DAVID O. CARTER, District Judge.

PROCEEDINGS (IN CHAMBERS): ORDER GRANTING MOTION FOR LIEN PRIORITY [1010]

Before the Court is Inamax Medical Staffing, Inc.'s ("Inamax") Motion for Lien Priority (Dkt. 1010). Inamax seeks priority over the liens of Medical Provider Financial Corporation IV ("MPFC-IV") and The Bank of New York Mellon ("BNYM") with respect to the proceeds from the sale of real estate owned by Georgia Medical Provider Financial Corporation ("GMPFC"). Having considered Inamax's Motion for Lien Priority, the Receiver's Opposition (Dkt. 1048), and Inamax's Reply (Dkt. 1053), the Court GRANTS Inamax's Motion for Lien Priority.

I. BACKGROUND

On January 11, 2008, Inamax and GMPFC entered into a written contract for staffing services. Motion for Lien Priority 3. Inamax performed its obligations under the contract, but GMPFC failed to pay for all of the services rendered. Id. On January 21, 2009, GMPFC sent a letter to Inamax acknowledging its indebtedness. Fountain Decl., Ex. B. Inamax filed a lawsuit against GMPFC and obtained a default judgment on July 8, 2009. Id., Ex. C.

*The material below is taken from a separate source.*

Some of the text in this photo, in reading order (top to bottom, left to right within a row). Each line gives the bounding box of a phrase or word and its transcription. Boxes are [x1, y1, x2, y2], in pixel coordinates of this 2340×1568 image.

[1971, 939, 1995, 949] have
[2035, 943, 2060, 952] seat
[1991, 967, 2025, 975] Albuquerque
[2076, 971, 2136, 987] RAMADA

On July 13, 2009, before the default judgment was recorded, GMPFC granted MPFC-IV a security interest in its real estate. Id., Ex. D. The Deed provided that the security interest was given to "further secure" GMPFC's obligation under a $19.71 million loan given by MPFC-IV to GMPFC on August 28, 2007. Mot. for Lien Priority 3-4. The Deed stated that ten dollars was given as consideration by MPFC-IV. Id. at 4.

Immediately thereafter, also on July 13, 2009, MPFC-IV assigned the security interest to BNYM, trustee for the Series II Noteholders. Id. The Assignment similarly indicated that it was "to further secure obligations to the Series II Noteholders under the Note Agreement." Id. A payment of ten dollars was stated as consideration. Id.

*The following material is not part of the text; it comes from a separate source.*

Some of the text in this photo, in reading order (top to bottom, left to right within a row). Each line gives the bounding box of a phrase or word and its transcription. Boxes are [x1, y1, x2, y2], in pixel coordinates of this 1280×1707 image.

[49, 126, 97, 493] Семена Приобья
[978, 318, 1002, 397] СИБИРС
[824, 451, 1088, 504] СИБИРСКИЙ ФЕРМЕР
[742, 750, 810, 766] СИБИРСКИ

On August 6, 2009, when GMPFC could no longer appeal the default judgment against it, Inamax filed a general lien against all of GMPFC's property. Id. On April 12, 2013, GMPFC's property was sold for approximately $5 million. Opp'n at 1; Reply at 4. The validity and priority of the liens on the property transferred to the proceeds of the sale. Opp'n at 1.

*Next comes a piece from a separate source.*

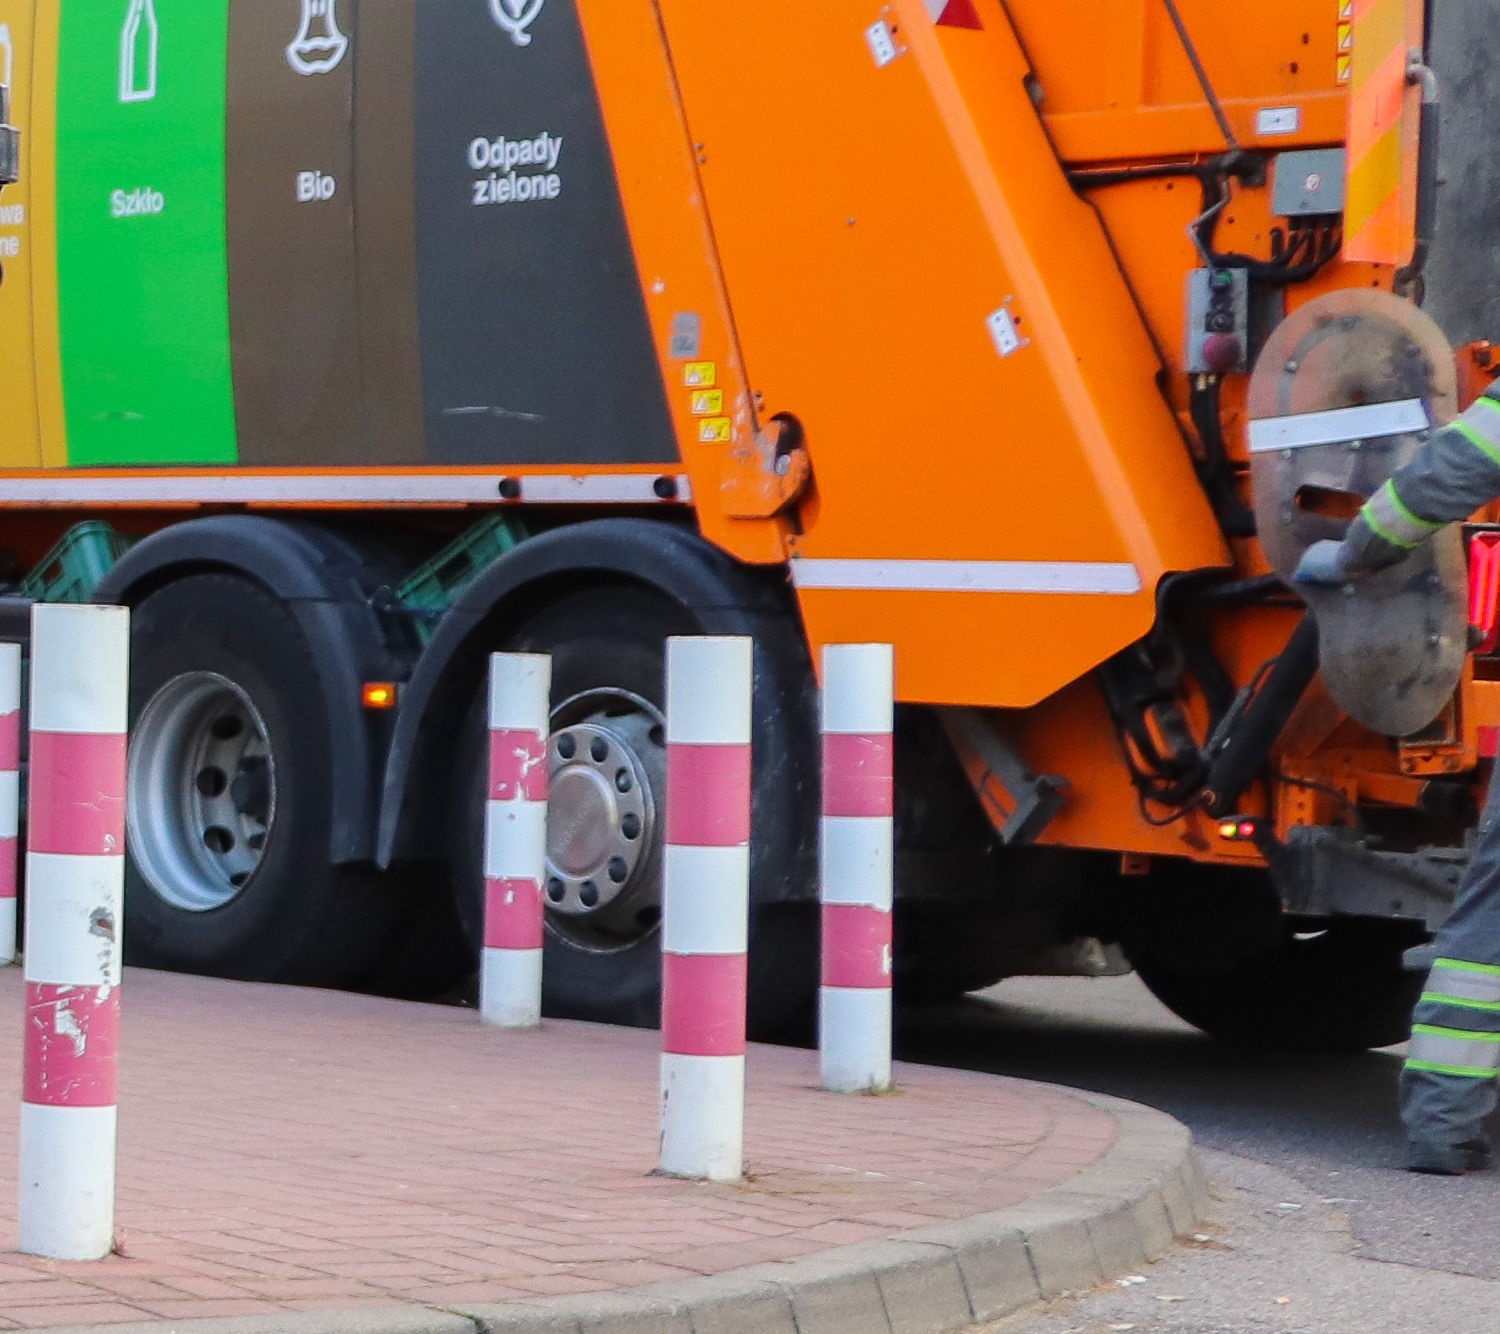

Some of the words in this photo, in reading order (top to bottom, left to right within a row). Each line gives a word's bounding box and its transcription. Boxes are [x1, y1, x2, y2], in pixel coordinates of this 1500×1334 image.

[469, 131, 563, 173] Odpady
[111, 187, 165, 217] Szkło
[296, 170, 336, 202] Bio
[473, 170, 561, 206] zielone

Inamax requests that the Court grant it lien priority over MPFC-IV and BNYM as to the proceeds of the property sale. MLP at 4. Inamax acknowledges that the liens of MPFC-IV and BNYM were filed before Inamax's lien. Id. However, Inamax maintains that it should have lien priority because MPFC-IV and BNYM obtained the liens in violation of Georgia law prohibiting fraud on creditors. Id. Thomas A. Seaman ("Receiver"), the Court-appointed permanent receiver in this case, opposes Inamax's motion.

II. ANALYSIS

A. Was the transfer of GMPFC's security interest fraudulent as to Inamax under O.C.G.A. §18-2-75(b)?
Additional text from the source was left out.